» TRY IT
This exercise needs all of the entries set down again, exactly as they read.

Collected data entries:

((

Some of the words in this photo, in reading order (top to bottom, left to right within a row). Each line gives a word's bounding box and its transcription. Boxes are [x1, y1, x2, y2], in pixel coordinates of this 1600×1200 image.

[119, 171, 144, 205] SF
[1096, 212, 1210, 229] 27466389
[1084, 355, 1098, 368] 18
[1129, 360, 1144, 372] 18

))

» WRITTEN REPLY
Some of the words in this photo, in reading order (top to bottom, left to right within a row). Each line gives a word's bounding box and its transcription. Boxes are [x1, y1, x2, y2], in pixel coordinates of this 1600×1200 image.

[119, 171, 144, 205] SF
[1096, 212, 1210, 229] 27466389
[1084, 355, 1098, 368] 18
[1129, 360, 1144, 372] 18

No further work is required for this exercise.